> PROBLEM STATEMENT
Output all entries exactly; images excluded.

*** THE DATA Section Begins ***

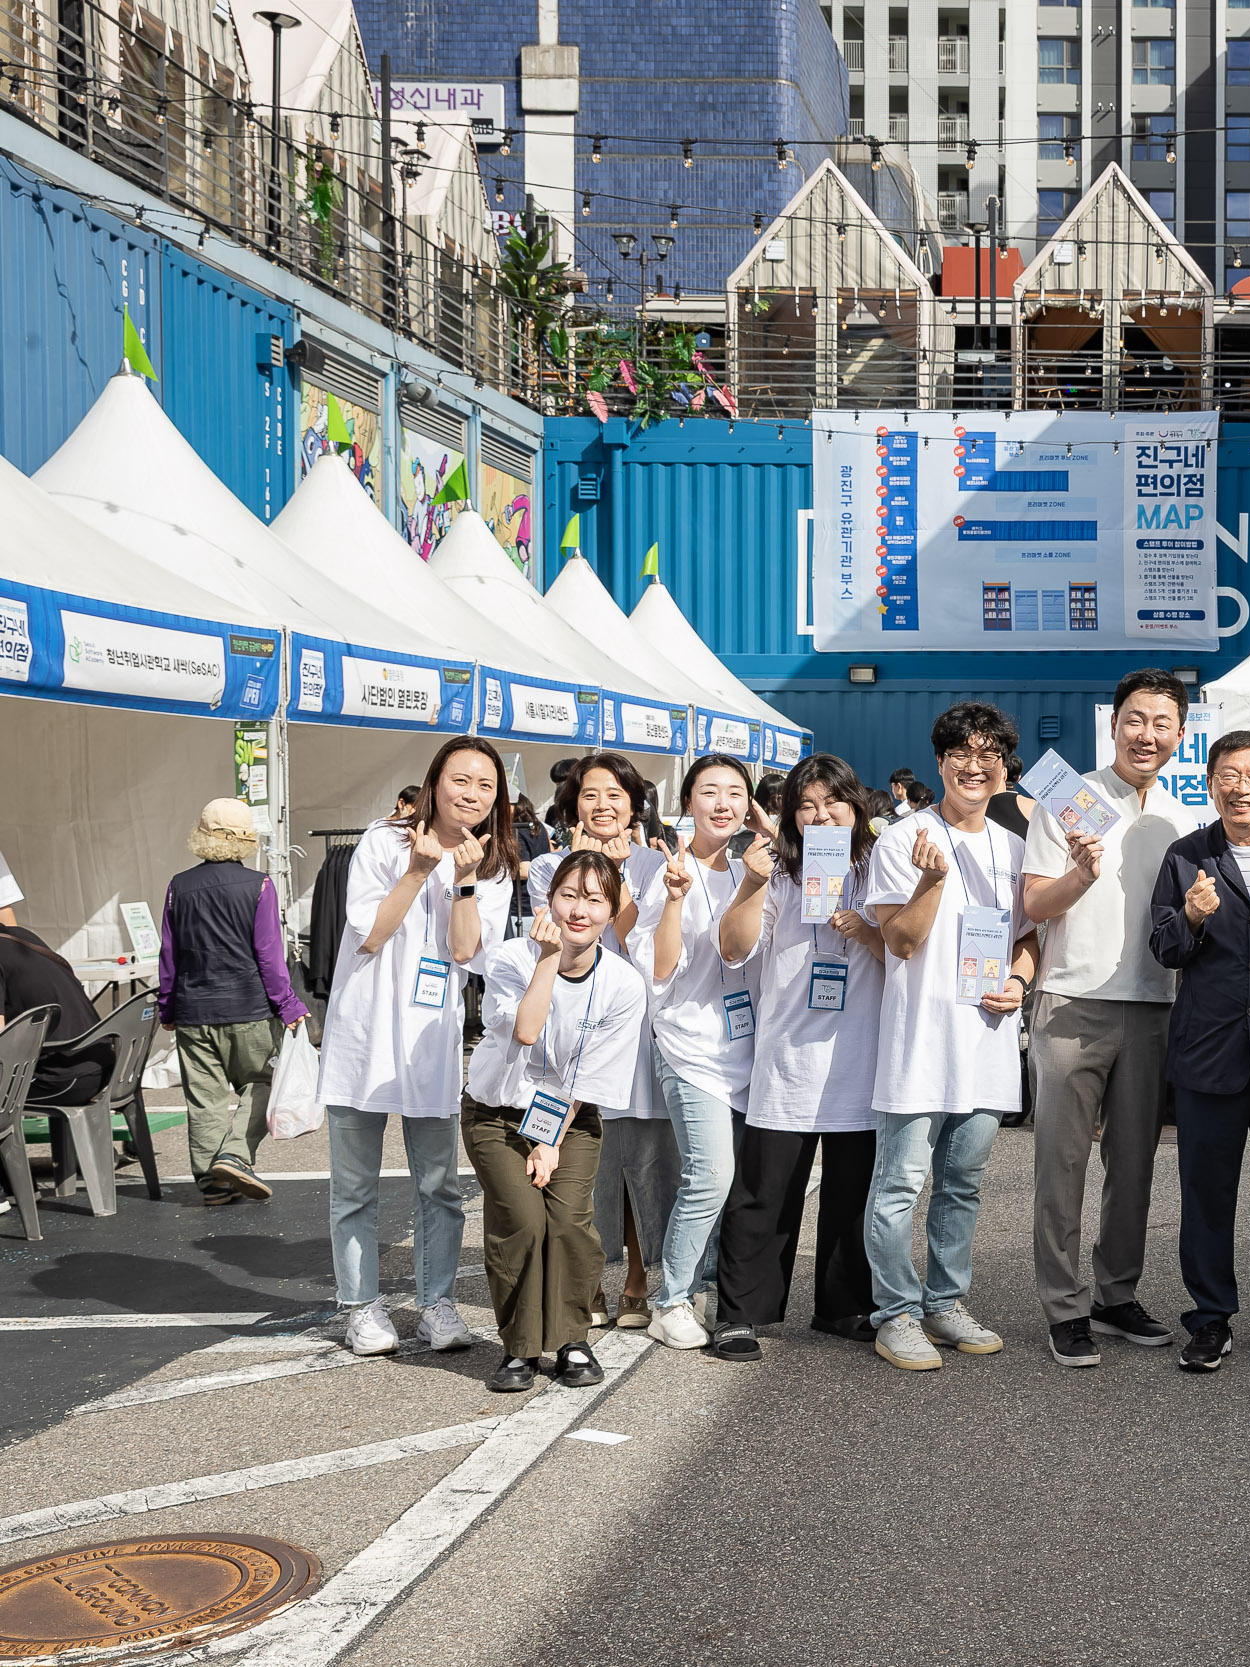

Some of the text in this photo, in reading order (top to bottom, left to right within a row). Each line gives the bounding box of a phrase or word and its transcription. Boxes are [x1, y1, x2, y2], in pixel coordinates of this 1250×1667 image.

[1136, 445, 1206, 469] 진구네
[1136, 474, 1205, 498] 편의점
[1137, 504, 1204, 529] MAP
[840, 465, 853, 600] 광진구 유관기관 부스
[106, 648, 221, 680] 청년취업사관학교 새싹(SeSAC)
[361, 684, 429, 711] 사단법인 열린옷장
[422, 989, 438, 998] STAFF
[817, 993, 837, 1001] STAFF
[735, 1021, 750, 1030] STAFF
[531, 1123, 551, 1135] STAFF
[75, 1586, 141, 1627] GROUND
[108, 1578, 177, 1619] COMMON
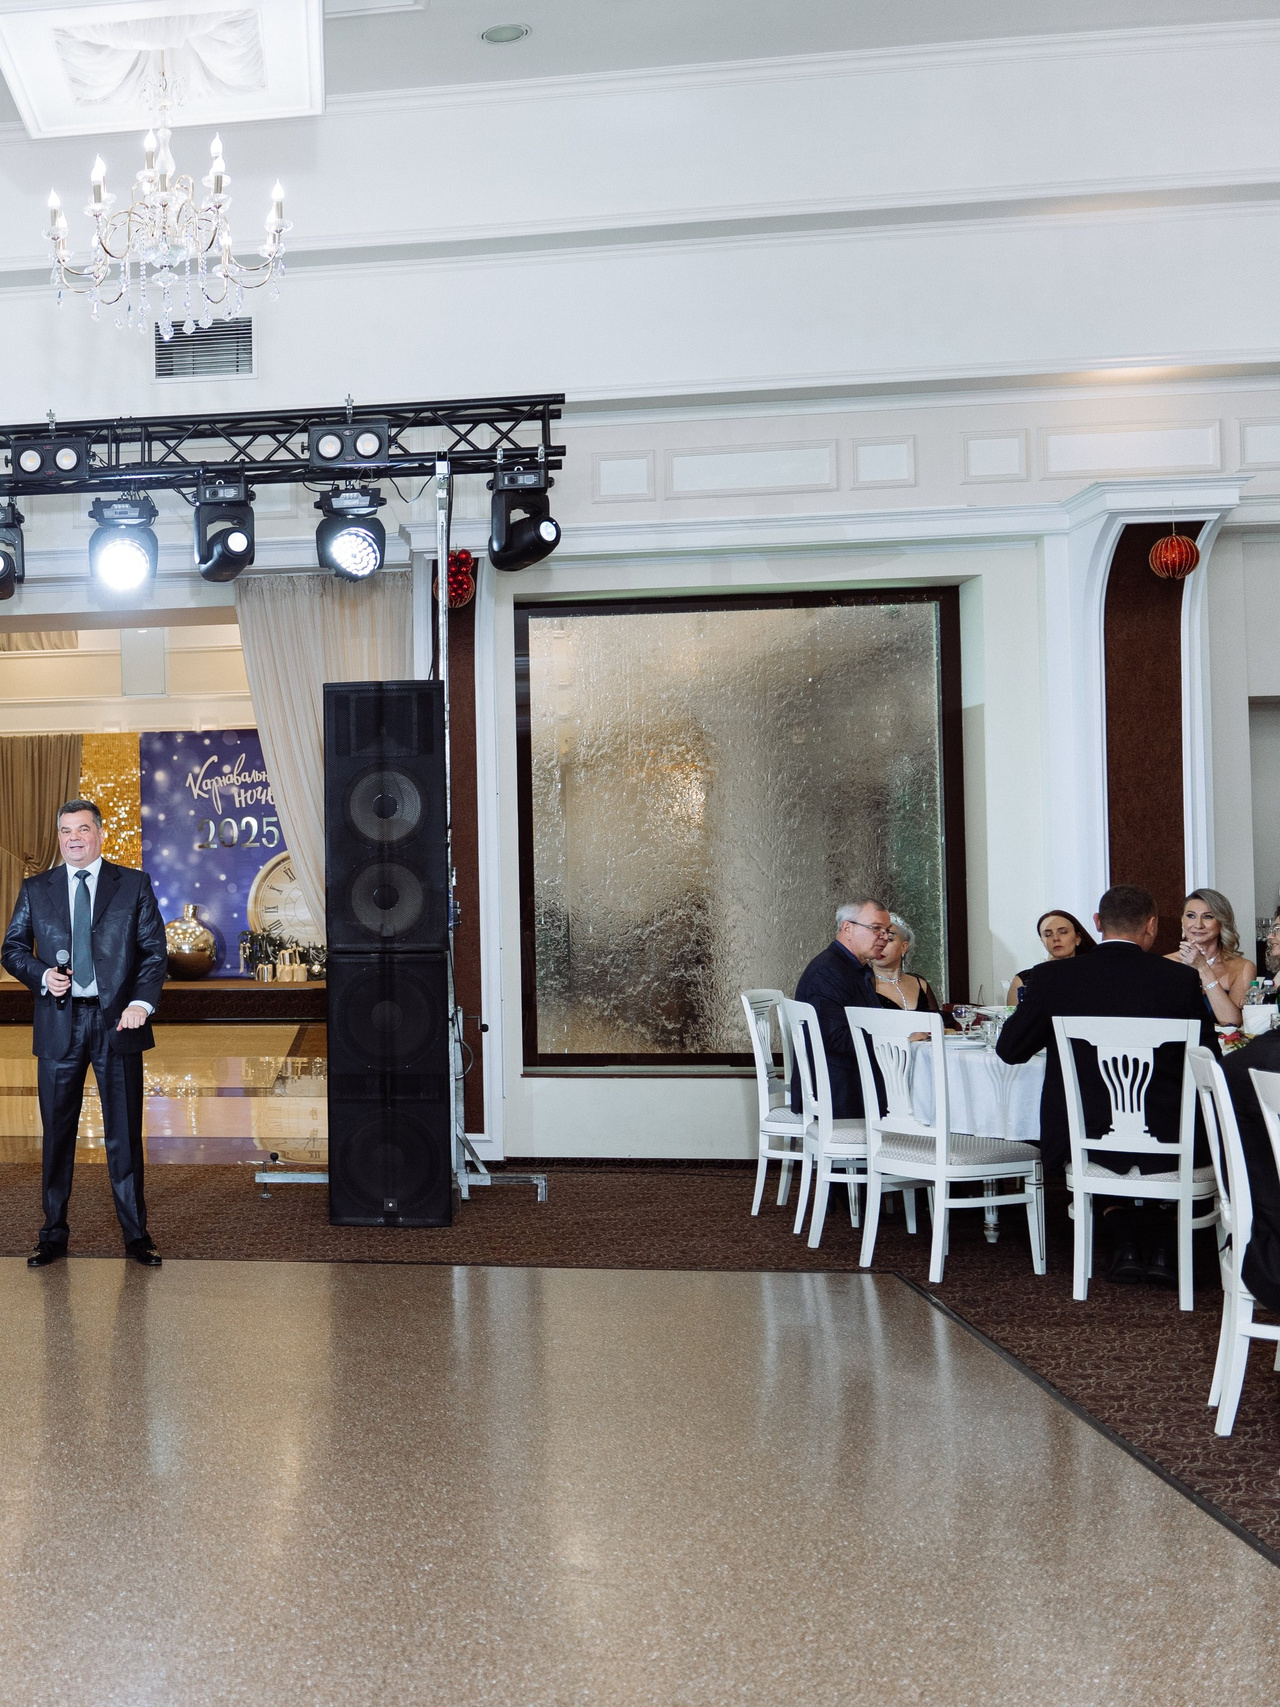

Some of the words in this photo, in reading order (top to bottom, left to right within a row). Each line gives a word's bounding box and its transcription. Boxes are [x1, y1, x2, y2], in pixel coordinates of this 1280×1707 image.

[185, 753, 269, 815] Карнавальн
[198, 816, 280, 848] 2025
[264, 905, 278, 913] IX
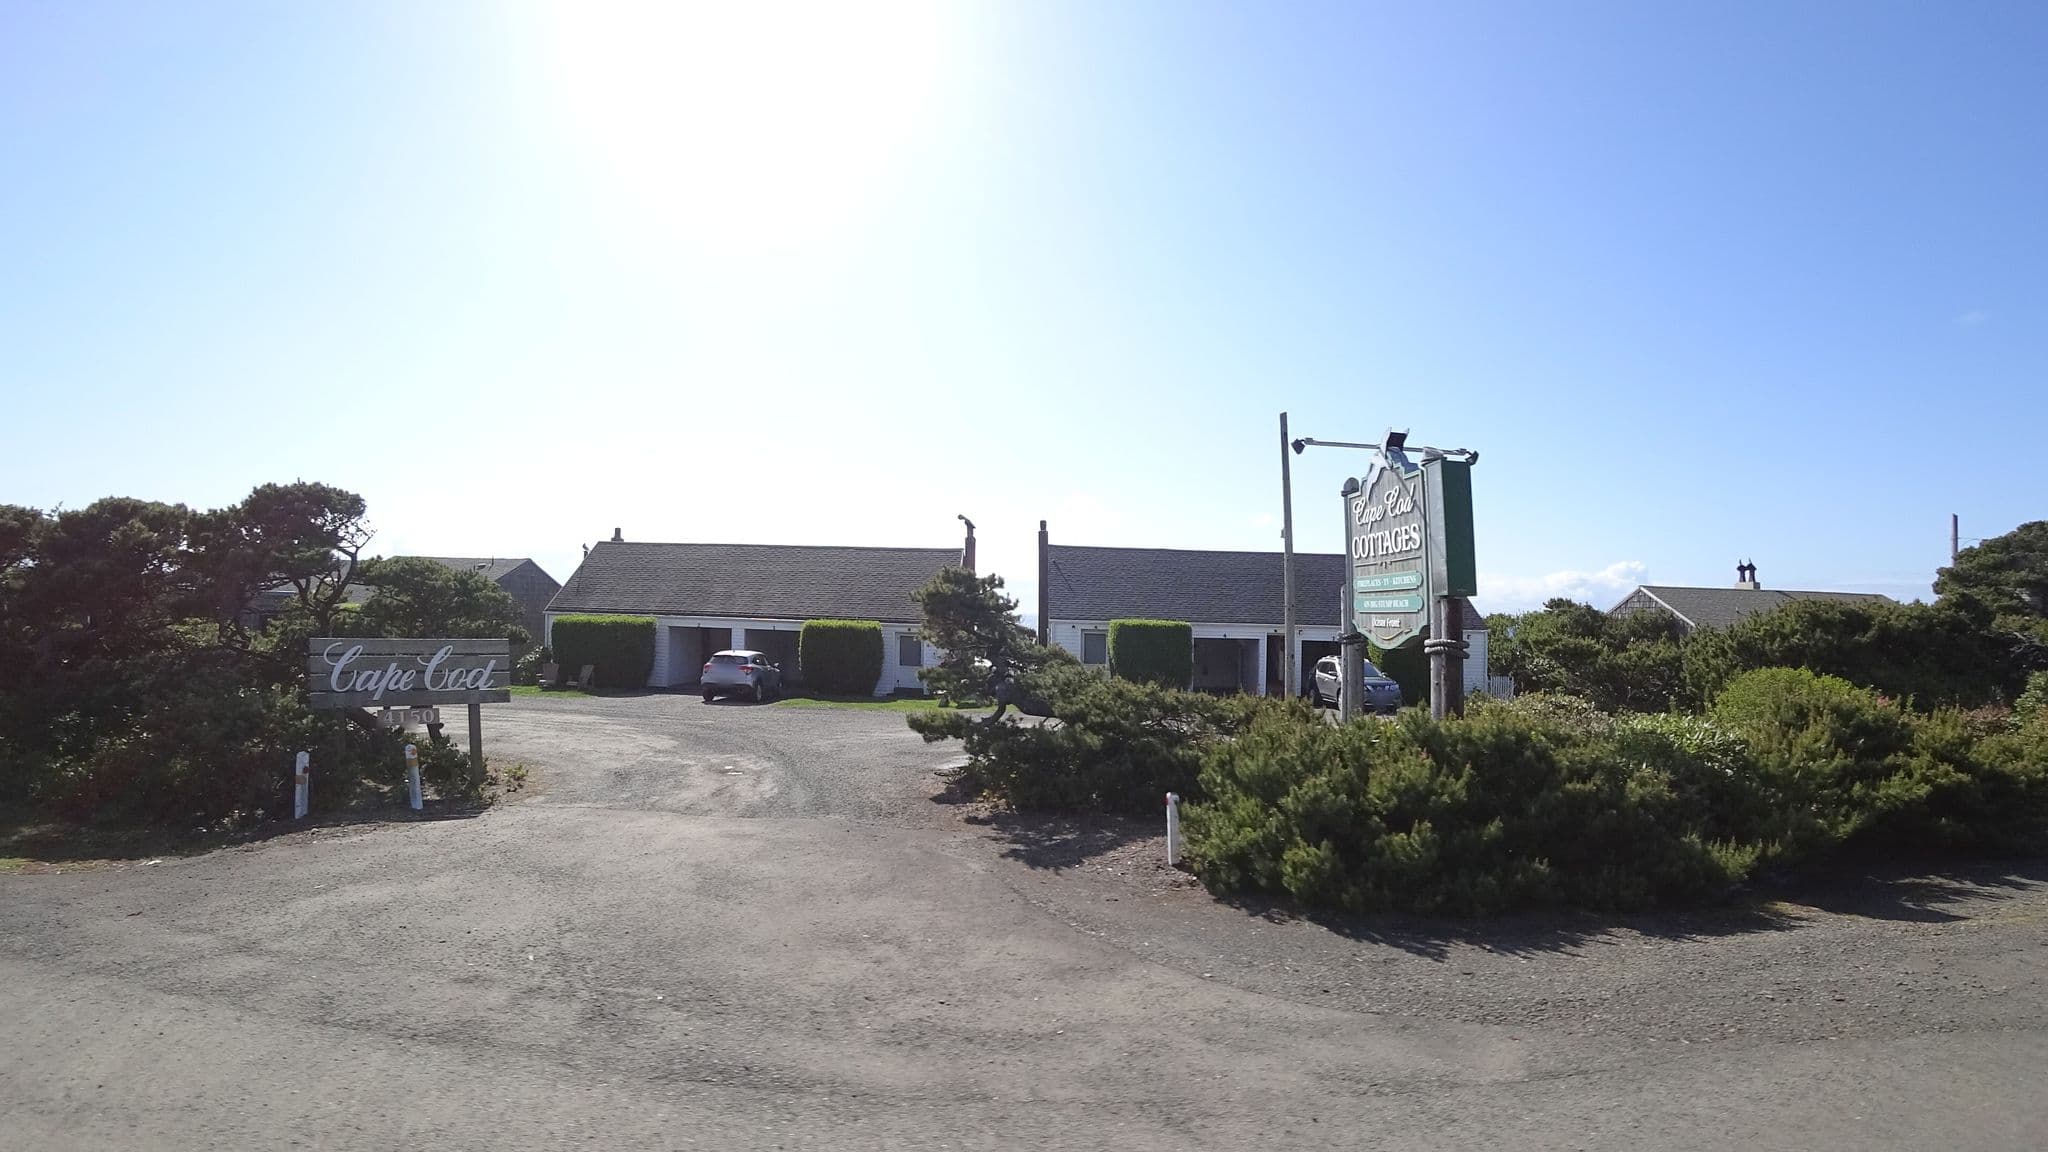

*** THE DATA Section Ends ***

> ANSWER SECTION
Some of the text in this photo, in reading order (top to bottom, left to right within a row). Each line gives the bounding box of a phrase or word and its transcription. Boxes are [x1, y1, x2, y2], in pixel coordinates of this 1250×1667 image.

[1136, 445, 1206, 469] 진구네
[1136, 474, 1205, 498] 편의점
[1137, 504, 1204, 529] MAP
[840, 465, 853, 600] 광진구 유관기관 부스
[106, 648, 221, 680] 청년취업사관학교 새싹(SeSAC)
[361, 684, 429, 711] 사단법인 열린옷장
[422, 989, 438, 998] STAFF
[817, 993, 837, 1001] STAFF
[735, 1021, 750, 1030] STAFF
[531, 1123, 551, 1135] STAFF
[75, 1586, 141, 1627] GROUND
[108, 1578, 177, 1619] COMMON

Some of the words in this photo, in reading order (top to bottom, left to right within a row). Each line gives a word's bounding box and its transcription. Boxes are [x1, y1, x2, y2], in pixel coordinates of this 1280×1707 image.

[185, 753, 269, 815] Карнавальн
[198, 816, 280, 848] 2025
[264, 905, 278, 913] IX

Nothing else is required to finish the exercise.